◆ **EXERCISE DATA**
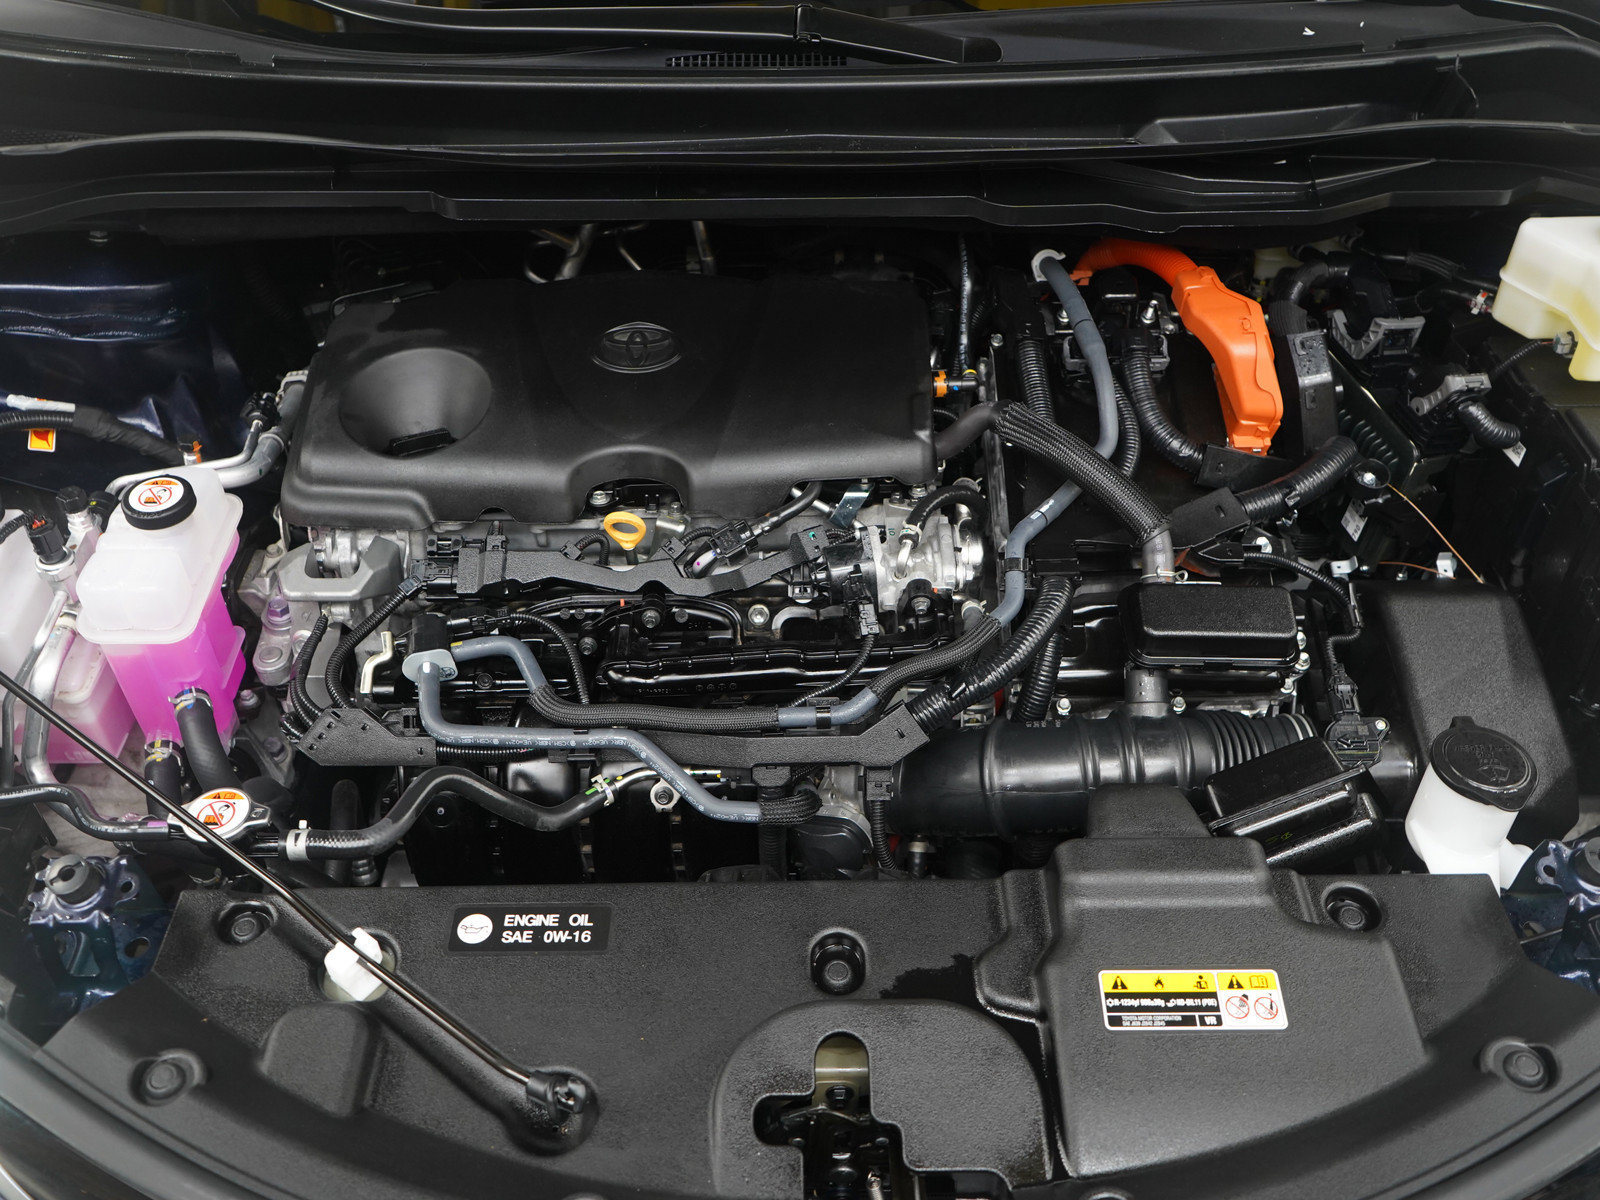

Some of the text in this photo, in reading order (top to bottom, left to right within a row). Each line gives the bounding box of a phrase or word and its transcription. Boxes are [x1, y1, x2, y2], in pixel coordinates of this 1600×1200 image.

[503, 913, 593, 927] ENGINE OIL
[501, 930, 592, 943] SAE 0W-16
[1203, 1015, 1217, 1025] VR
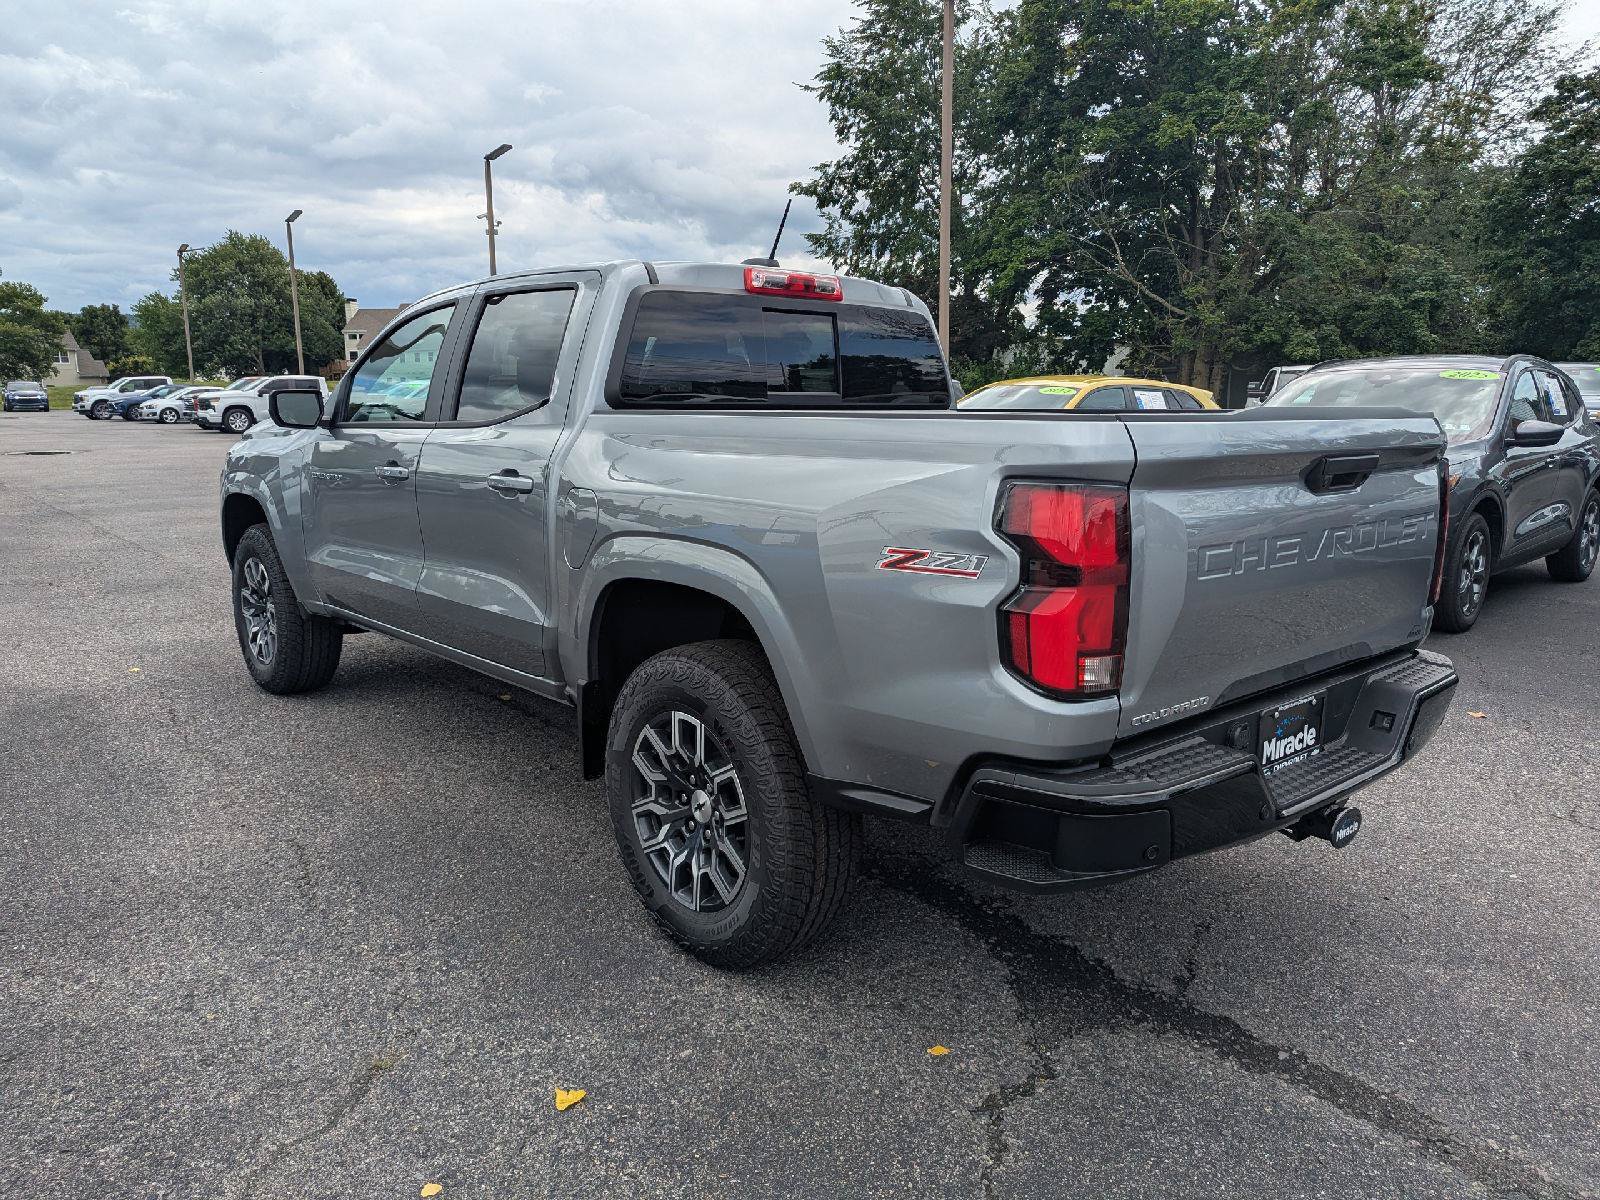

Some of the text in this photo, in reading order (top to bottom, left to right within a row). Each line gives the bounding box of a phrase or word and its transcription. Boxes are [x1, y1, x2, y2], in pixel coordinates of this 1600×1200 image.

[1197, 511, 1434, 580] CHEVROLET
[874, 546, 990, 580] Z71
[1131, 695, 1210, 727] COLORADO
[1262, 724, 1317, 765] Miracle
[1335, 820, 1359, 842] Miracle
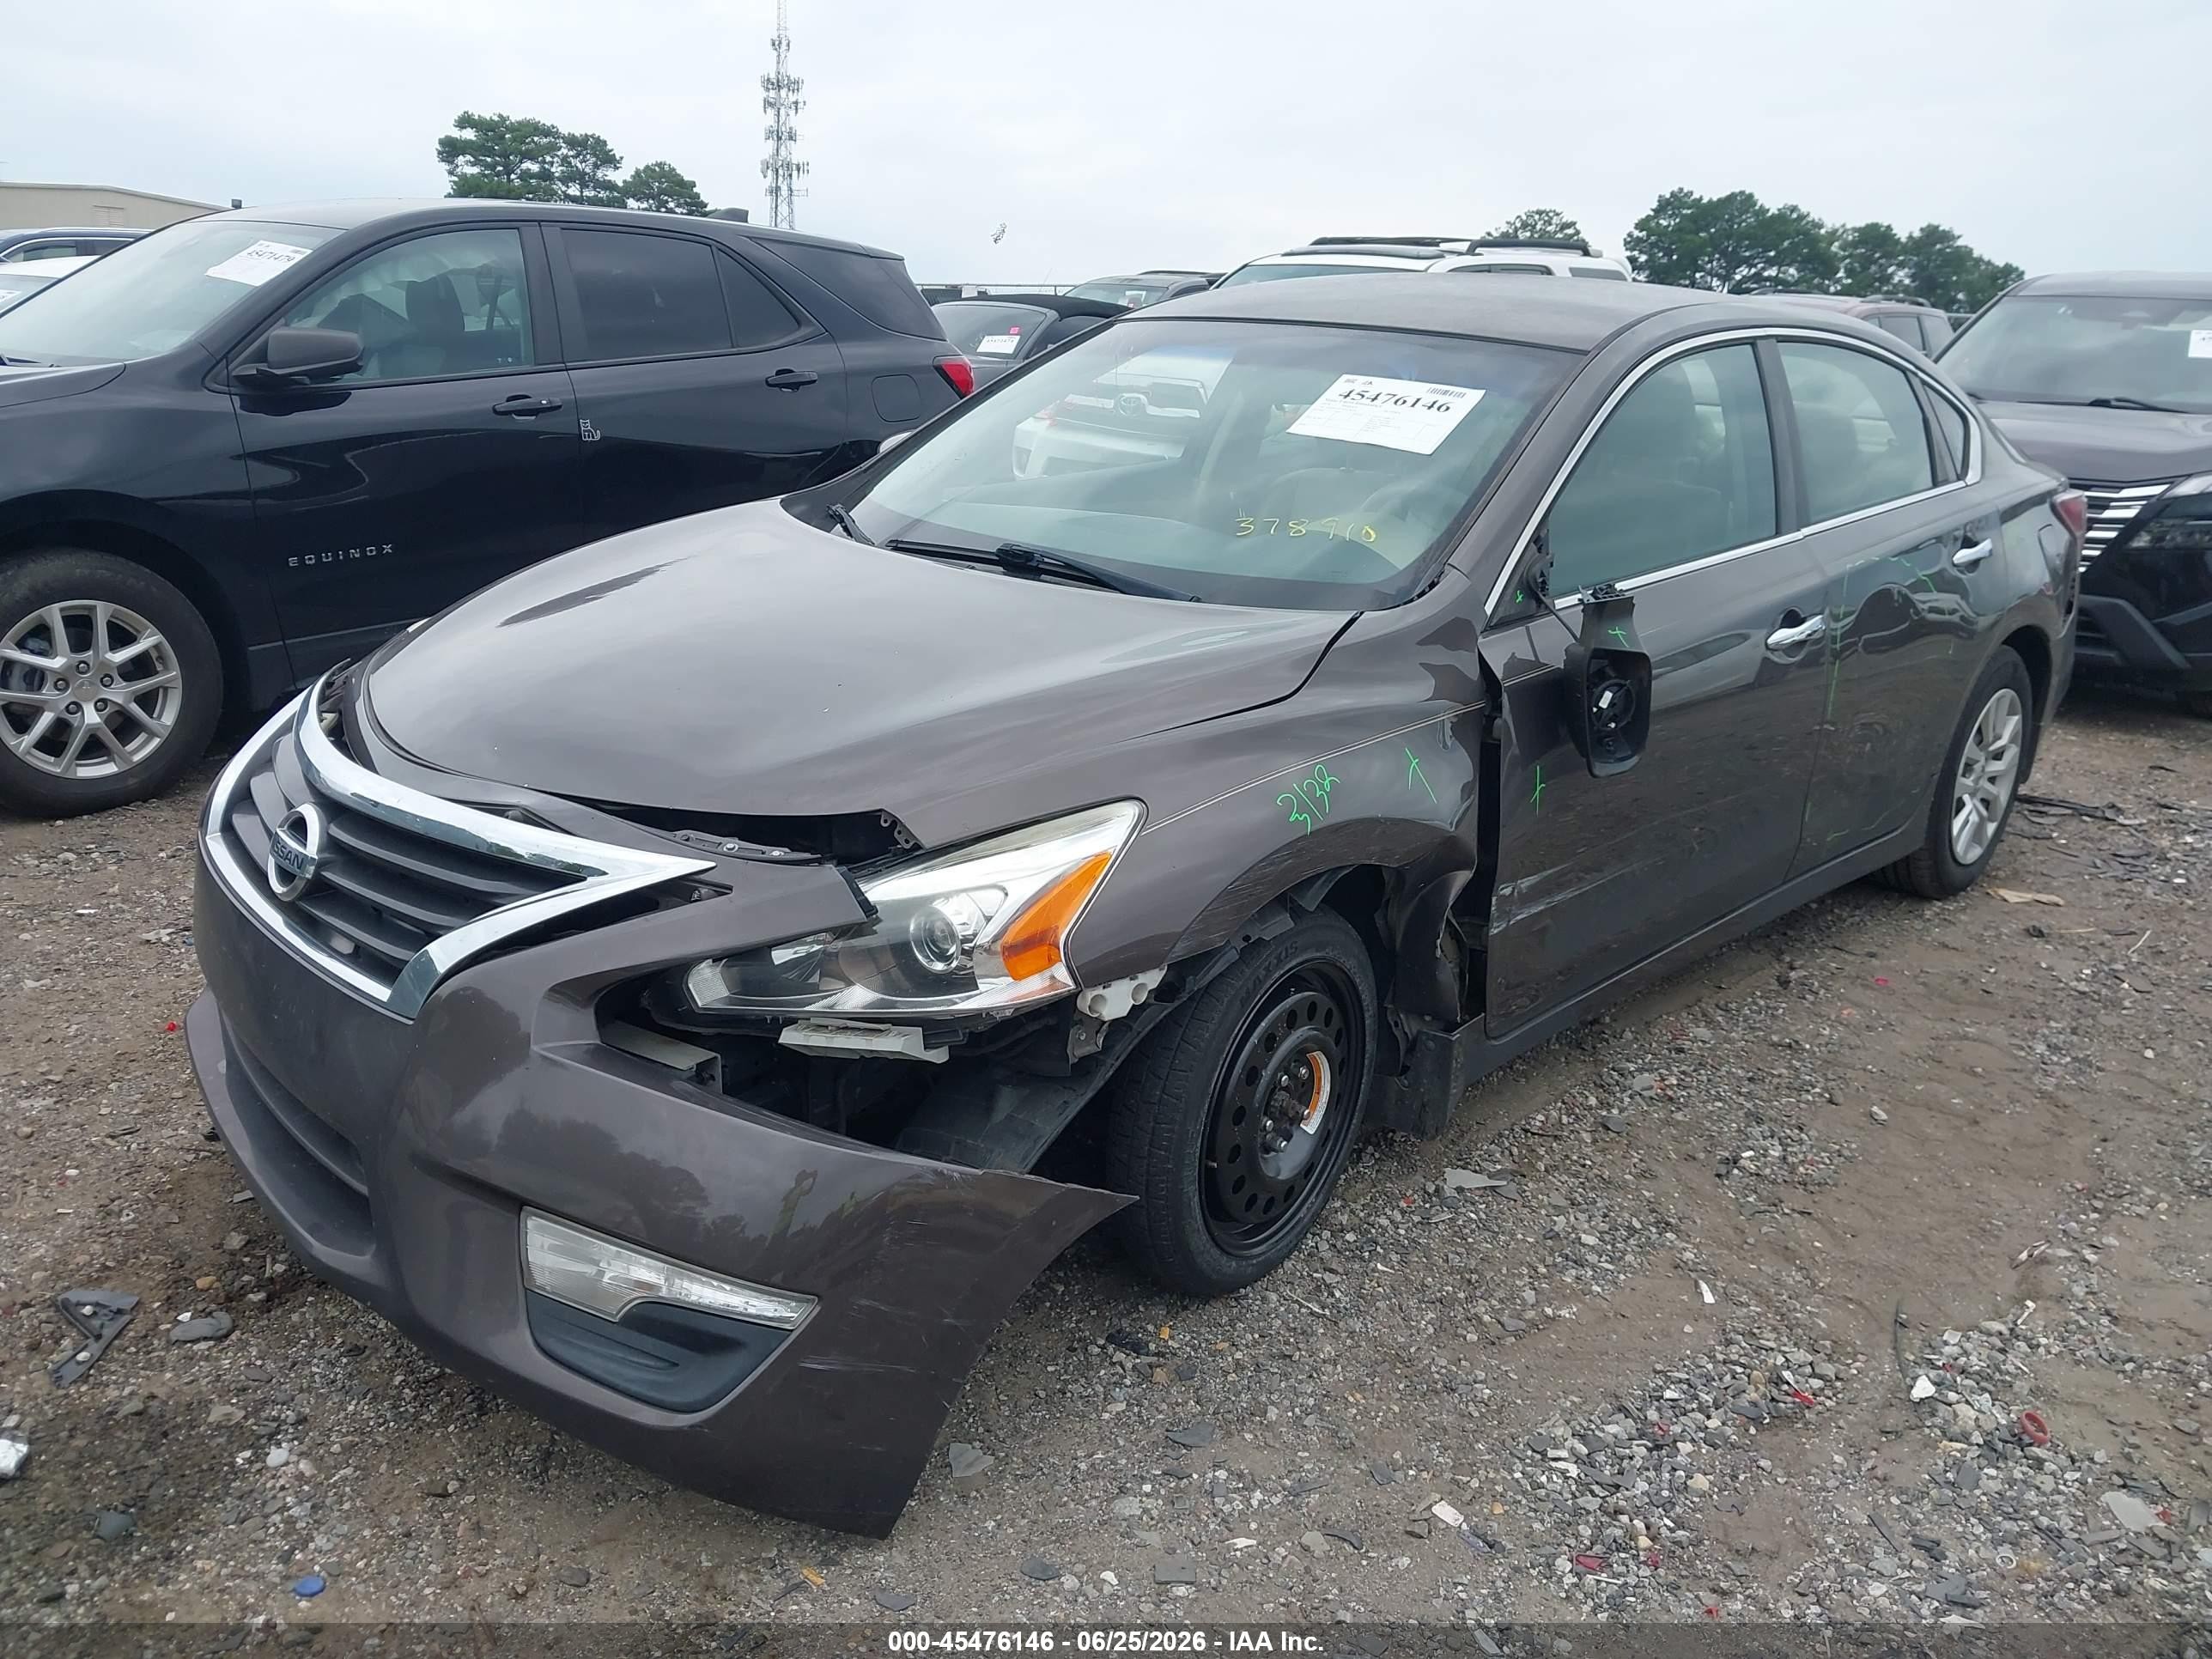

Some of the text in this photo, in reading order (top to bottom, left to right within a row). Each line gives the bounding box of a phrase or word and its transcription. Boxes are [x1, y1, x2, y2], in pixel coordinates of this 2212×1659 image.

[1338, 388, 1451, 413] 45476146
[288, 544, 392, 567] EQUINOX
[273, 835, 305, 870] SSAN

◆ **PROBLEM REQUIREMENTS**
Copy each line above exactly. Images do not belong in the copy.

◆ **SOLUTION**
Some of the text in this photo, in reading order (top to bottom, left to right within a row). Each line gives the bounding box of a phrase or word and its transcription. Boxes are [x1, y1, x2, y2], in pixel coordinates of this 1600×1200 image.

[503, 913, 593, 927] ENGINE OIL
[501, 930, 592, 943] SAE 0W-16
[1203, 1015, 1217, 1025] VR

Some of the text in this photo, in reading order (top to bottom, left to right within a row). Each line gives the bounding box of a phrase or word and its transcription. Boxes are [x1, y1, x2, y2], in pixel coordinates of this 1600×1200 image.

[1197, 511, 1434, 580] CHEVROLET
[874, 546, 990, 580] Z71
[1131, 695, 1210, 727] COLORADO
[1262, 724, 1317, 765] Miracle
[1335, 820, 1359, 842] Miracle

Some of the text in this photo, in reading order (top to bottom, left to right within a row). Each line gives the bounding box of a phrase or word and its transcription. Boxes are [x1, y1, x2, y2], in pixel coordinates of this 2212×1659 image.

[1338, 388, 1451, 413] 45476146
[288, 544, 392, 567] EQUINOX
[273, 835, 305, 870] SSAN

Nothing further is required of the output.